There is discretion in how the Crown corporation model is operationalized; and this has varied over the years from the board being given wide discretion only bound by broad general government policy, to a quite hands-on approach by the government. The last formal public dialogue on this issue was the 1979 Tritschler Inquiry; it has received virtually no public scrutiny since.
The board, bound by a clear but narrow mandate in legislation and the now obligatory premier’s “mandate letter” has chosen to — or has been directed to — be very careful not to impinge on policy terrain lying outside of its narrow mandate. And there’s nothing wrong with that.
And yet, Manitoba’s largest corporation employs an enormous pool of energy expertise, dwarfing what might be available in the provincial bureaucracy.
While we need not be too critical about what’s in the IRMP, we might turn a jaundiced eye to what’s not. It contains no direct mention of climate change; no forecast of its accelerating effects and how that will impact the province’s energy environment.

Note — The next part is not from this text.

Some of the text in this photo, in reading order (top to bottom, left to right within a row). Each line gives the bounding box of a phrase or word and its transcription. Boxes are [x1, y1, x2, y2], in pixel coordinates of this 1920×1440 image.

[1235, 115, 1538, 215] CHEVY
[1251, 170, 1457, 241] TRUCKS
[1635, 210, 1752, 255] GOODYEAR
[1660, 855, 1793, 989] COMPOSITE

Nothing about both the necessity for and the opportunity offered by a national power grid.
Nothing concrete about how to respond to new energy intensive development.

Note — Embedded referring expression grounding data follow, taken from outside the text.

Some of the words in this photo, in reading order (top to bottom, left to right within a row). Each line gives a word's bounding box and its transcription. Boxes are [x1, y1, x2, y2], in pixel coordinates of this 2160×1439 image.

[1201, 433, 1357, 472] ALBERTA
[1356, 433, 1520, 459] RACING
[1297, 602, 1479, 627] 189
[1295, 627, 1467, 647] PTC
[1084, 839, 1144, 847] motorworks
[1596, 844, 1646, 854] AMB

Nothing about the absolute necessity of future hydro development to support interruptible renewables. Ten years may seem like a long time. Climate change is on a faster track.
Of course, it’s the government’s job to address these broader policy issues, you might say. Unfortunately, it is woefully deficient in the resources and expertise to do so. And its recent budget takes no steps to even begin to insulate our agricultural and industrial sectors from the now quite predictable and inevitable effects of climate change.

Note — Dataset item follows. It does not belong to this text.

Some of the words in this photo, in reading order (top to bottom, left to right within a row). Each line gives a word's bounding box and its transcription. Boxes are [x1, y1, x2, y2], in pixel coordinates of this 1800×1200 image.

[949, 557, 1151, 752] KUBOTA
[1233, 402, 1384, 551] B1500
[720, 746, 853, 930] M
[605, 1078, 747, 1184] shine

The IRMP tells us Hydro will be keenly watching for local, national and international “signposts” that might cause them to alter their course. So, we have government — including Ottawa — doing next to nothing and Hydro intensely scrutinizing government tea leaves. Unlike the song lyrics, time is not on our side. It’s like waiting for the tidal wave to roll over your shore before sounding an alarm.
We need a bolder approach, one that partners Hydro’s technical capacity with a directing vision from our elected government that positions Manitoba where it needs to be — where it must be — in a very short period of time to meet the accelerating changes in climate.
Sustainable development is defined as development that meets today’s needs without compromising the ability of future generations to meet their needs.
Unfortunately, traditional economic analysis doesn’t give a damn about future generations. Using analytical tools, with return on investment and drastically discounting future benefits, it’s unlikely we will ever undertake another major hydroelectric development.
Future generations will have desperate need for all the renewable energy they can get, including hydro but without the luxury of being able to wait around for the decade or more required to plan, design and construct a hydro dam. It is our responsibility — we, after all, have created the climate change mess — to meet their needs now.
Admittedly this will require a virtual revolution in how to provide for future generations, and may be well beyond what one province can accomplish.
Nonetheless, as owners of Manitoba Hydro we should demand “shareholder value” — an energy supply system that is fully adapted to the effects of climate change, not only those that are already with us, but also those to be experienced in the future; the near future.
Norman Brandson is the former deputy minister of the Manitoba departments of environment, conservation and water stewardship.